* _TASK INSTRUCTIONS_
An exact transcription of all the data is required, with every image removed.

* _RECORDS FOR THE EXERCISE_
============

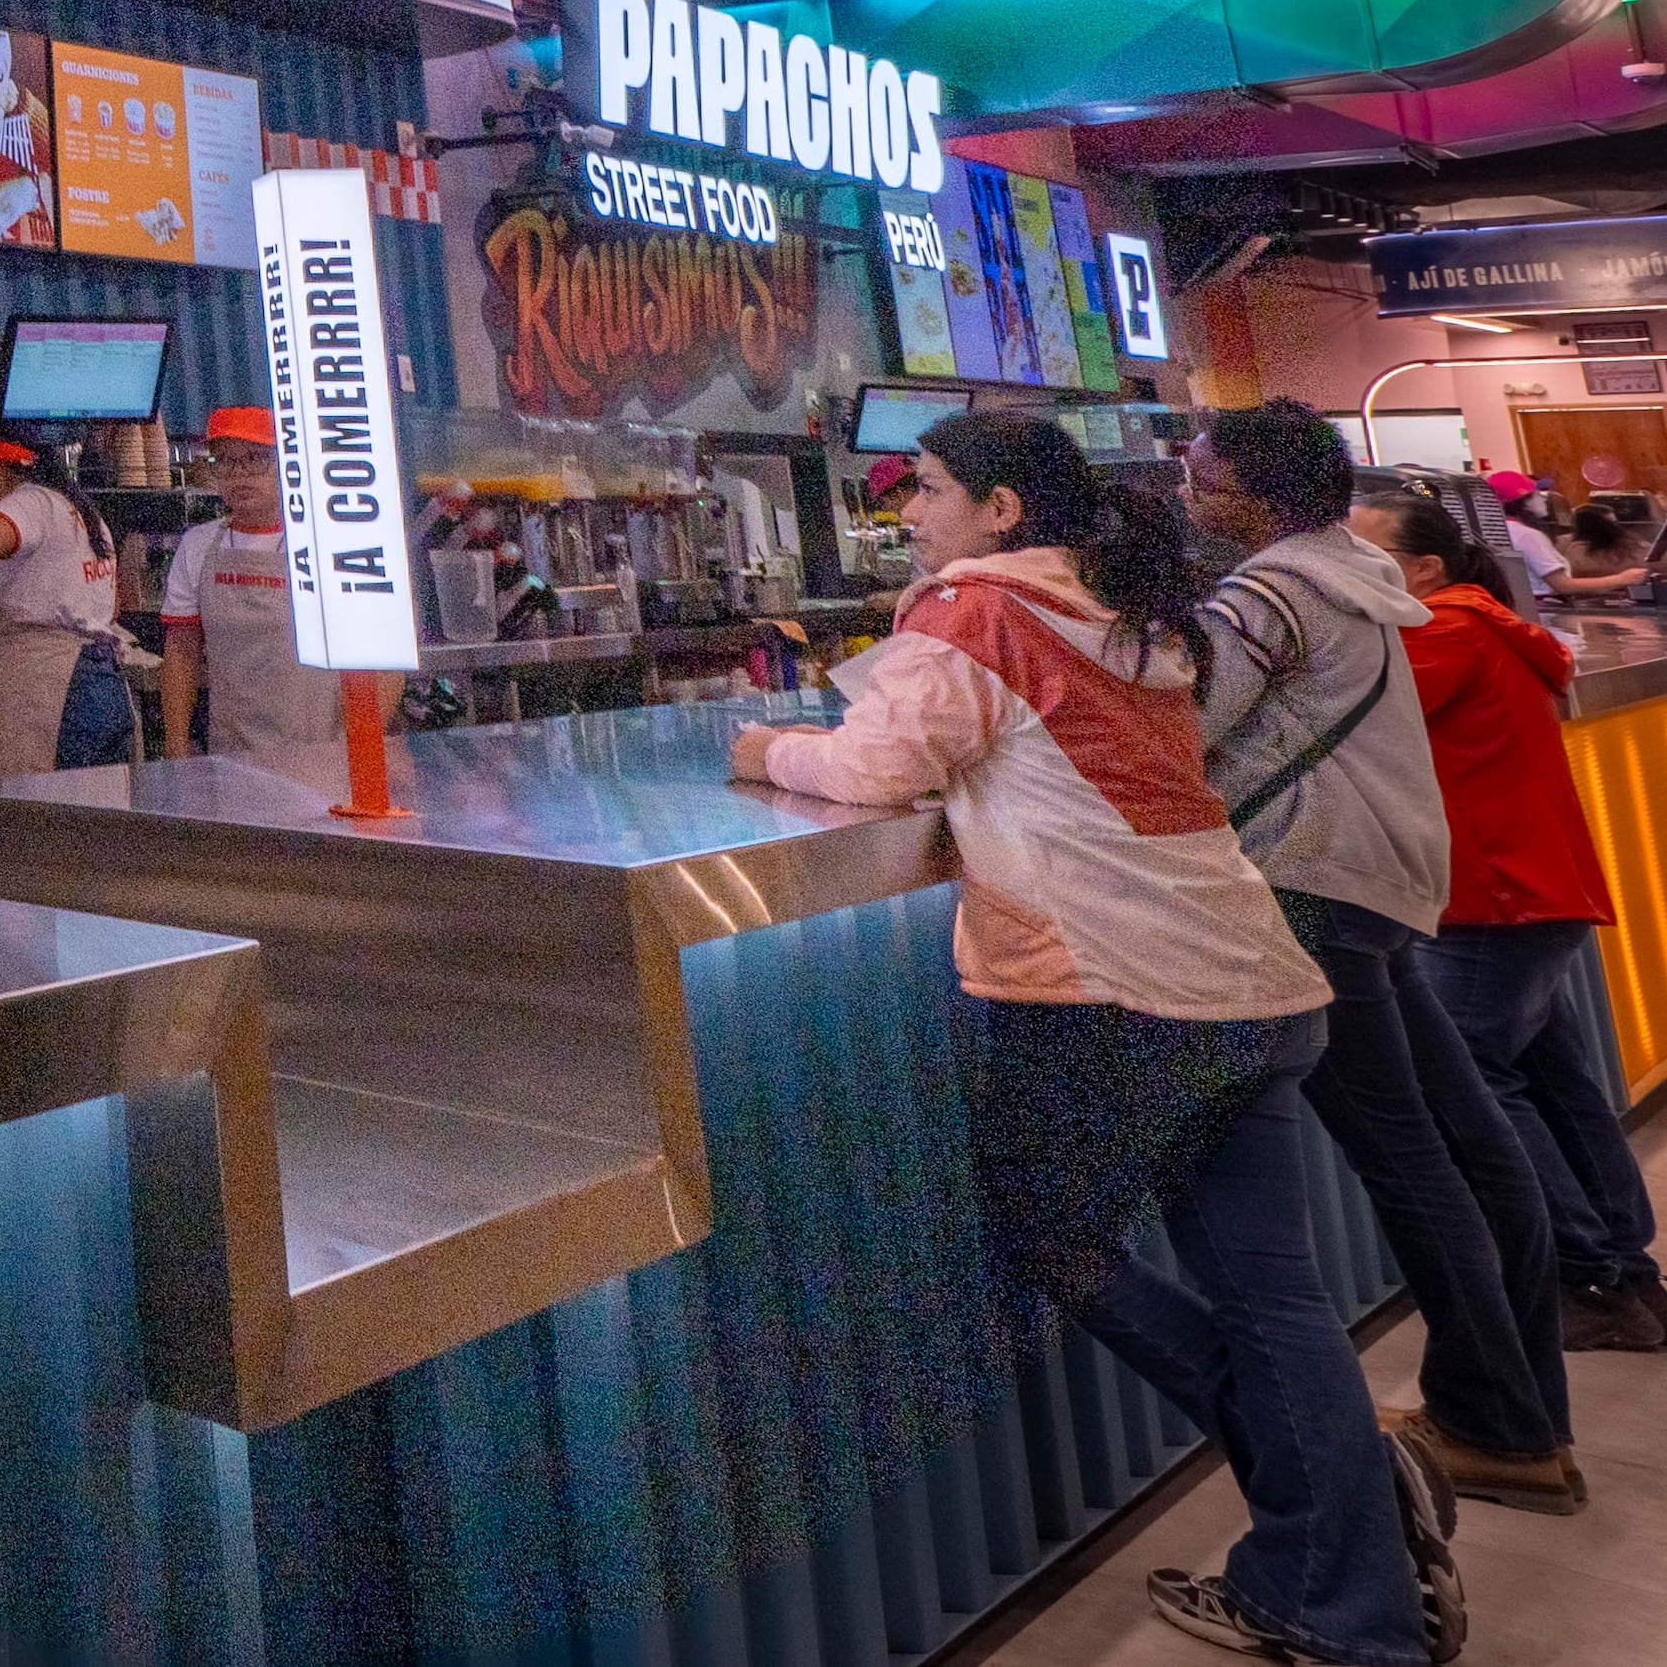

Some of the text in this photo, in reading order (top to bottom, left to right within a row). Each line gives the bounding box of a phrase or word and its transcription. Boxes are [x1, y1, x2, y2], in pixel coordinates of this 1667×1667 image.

[60, 60, 140, 86] GUARNICIONES
[68, 186, 110, 203] POSTRE
[585, 151, 778, 245] STREET FOOD
[883, 209, 947, 273] PERÚ
[1119, 251, 1152, 341] P
[1408, 265, 1438, 291] AJÍ
[1443, 268, 1470, 288] DE
[1474, 261, 1564, 287] GALLINA
[299, 238, 395, 595] ¡A COMERRRR!

============

* _PROBLEM SOLUTION_
Some of the text in this photo, in reading order (top to bottom, left to right within a row). Each line gives the bounding box of a phrase or word and its transcription. Boxes are [x1, y1, x2, y2], in pixel coordinates of this 1667×1667 image.

[60, 60, 140, 86] GUARNICIONES
[68, 186, 110, 203] POSTRE
[585, 151, 778, 245] STREET FOOD
[883, 209, 947, 273] PERÚ
[1119, 251, 1152, 341] P
[1408, 265, 1438, 291] AJÍ
[1443, 268, 1470, 288] DE
[1474, 261, 1564, 287] GALLINA
[299, 238, 395, 595] ¡A COMERRRR!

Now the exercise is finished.